TECNICA HISTOLOGICA Y MICROSCOPICA.

1.1. CONCEPTO. METODOS DE OBSERVACION DE CELULAS

Y TEJIDOS VIVOS.

La Histología, también llamada anatomía microscópica, es el estudio científico de las

estructuras microscópicas de los tejidos y órganos del cuerpo. Los métodos de estudio
en Histología incluyen el examen inmediato in vivo y el examen mediato o post-
mortem, que se describen a continuación.
 Examen inmediato o in vivo:
a) En fresco: animales unicelulares y células libres.
b) Coloración vital: usando soluciones de colorantes no tóxicos (colorantes
vitales), coloración intravital o in vivo, y la coloración supravital donde
pueden colorearse células libres o porciones de órganos.

 Examen mediato o post-mortem: requiere de la muerte celular y supone seguir

una serie de pasos a través de las técnicas histológicas.

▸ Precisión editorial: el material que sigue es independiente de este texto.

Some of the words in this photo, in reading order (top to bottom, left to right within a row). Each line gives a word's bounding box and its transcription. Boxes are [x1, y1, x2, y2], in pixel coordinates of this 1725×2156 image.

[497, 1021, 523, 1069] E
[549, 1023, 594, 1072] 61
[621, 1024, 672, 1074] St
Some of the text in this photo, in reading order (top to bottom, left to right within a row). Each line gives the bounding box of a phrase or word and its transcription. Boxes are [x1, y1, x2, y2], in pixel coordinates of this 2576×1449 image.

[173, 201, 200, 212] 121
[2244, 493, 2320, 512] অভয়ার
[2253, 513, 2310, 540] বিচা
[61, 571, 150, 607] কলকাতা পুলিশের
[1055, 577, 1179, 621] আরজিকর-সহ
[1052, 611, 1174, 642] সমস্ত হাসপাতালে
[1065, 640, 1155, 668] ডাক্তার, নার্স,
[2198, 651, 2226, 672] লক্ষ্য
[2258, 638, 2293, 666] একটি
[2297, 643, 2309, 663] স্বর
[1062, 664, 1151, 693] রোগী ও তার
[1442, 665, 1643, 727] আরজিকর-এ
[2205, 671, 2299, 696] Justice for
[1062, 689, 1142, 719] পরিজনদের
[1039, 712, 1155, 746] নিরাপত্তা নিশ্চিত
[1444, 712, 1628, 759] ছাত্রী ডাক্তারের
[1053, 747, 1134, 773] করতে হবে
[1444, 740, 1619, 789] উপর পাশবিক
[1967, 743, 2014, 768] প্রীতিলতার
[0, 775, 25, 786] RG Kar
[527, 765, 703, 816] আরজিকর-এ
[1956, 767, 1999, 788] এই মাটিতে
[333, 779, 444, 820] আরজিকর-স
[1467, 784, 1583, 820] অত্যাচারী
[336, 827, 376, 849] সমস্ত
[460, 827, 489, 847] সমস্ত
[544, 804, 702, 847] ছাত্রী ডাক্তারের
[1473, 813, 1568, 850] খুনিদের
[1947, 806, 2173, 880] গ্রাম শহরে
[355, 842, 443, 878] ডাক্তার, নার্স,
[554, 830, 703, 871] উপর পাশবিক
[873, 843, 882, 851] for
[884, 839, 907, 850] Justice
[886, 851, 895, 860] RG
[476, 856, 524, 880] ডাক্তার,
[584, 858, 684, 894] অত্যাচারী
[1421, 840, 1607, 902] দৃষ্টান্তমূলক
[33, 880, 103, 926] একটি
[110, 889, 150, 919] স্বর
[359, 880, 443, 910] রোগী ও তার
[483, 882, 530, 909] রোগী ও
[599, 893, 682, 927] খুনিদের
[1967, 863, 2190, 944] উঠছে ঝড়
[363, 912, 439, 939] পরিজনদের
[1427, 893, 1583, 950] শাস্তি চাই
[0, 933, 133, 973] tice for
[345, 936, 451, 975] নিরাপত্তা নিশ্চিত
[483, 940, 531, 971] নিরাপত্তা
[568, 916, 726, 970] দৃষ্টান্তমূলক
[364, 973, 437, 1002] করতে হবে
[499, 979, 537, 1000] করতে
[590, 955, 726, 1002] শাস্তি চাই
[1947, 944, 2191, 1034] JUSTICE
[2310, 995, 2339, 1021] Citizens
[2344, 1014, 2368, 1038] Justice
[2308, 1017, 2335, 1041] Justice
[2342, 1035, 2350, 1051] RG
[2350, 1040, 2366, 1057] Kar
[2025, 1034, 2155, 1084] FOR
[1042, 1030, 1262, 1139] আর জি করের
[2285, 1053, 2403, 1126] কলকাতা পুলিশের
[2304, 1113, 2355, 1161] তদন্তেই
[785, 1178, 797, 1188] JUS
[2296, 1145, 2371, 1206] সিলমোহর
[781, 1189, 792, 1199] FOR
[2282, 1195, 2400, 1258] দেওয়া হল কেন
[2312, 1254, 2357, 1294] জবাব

En histología se emplean colorantes con el objeto de facilitar la visualización de las

distintas estructuras y para demostrar diferencias físicas y químicas entre los
componentes tisulares y celulares. Un primer grupo son los colorantes biológicos,
compuestos orgánicos derivados del alquitrán de carbón; un segundo grupo se obtiene
de otras fuentes naturales como la hematoxilina y el carmín; y un tercer grupo lo
conforman varios metales como la plata y el tetraóxido de osmio.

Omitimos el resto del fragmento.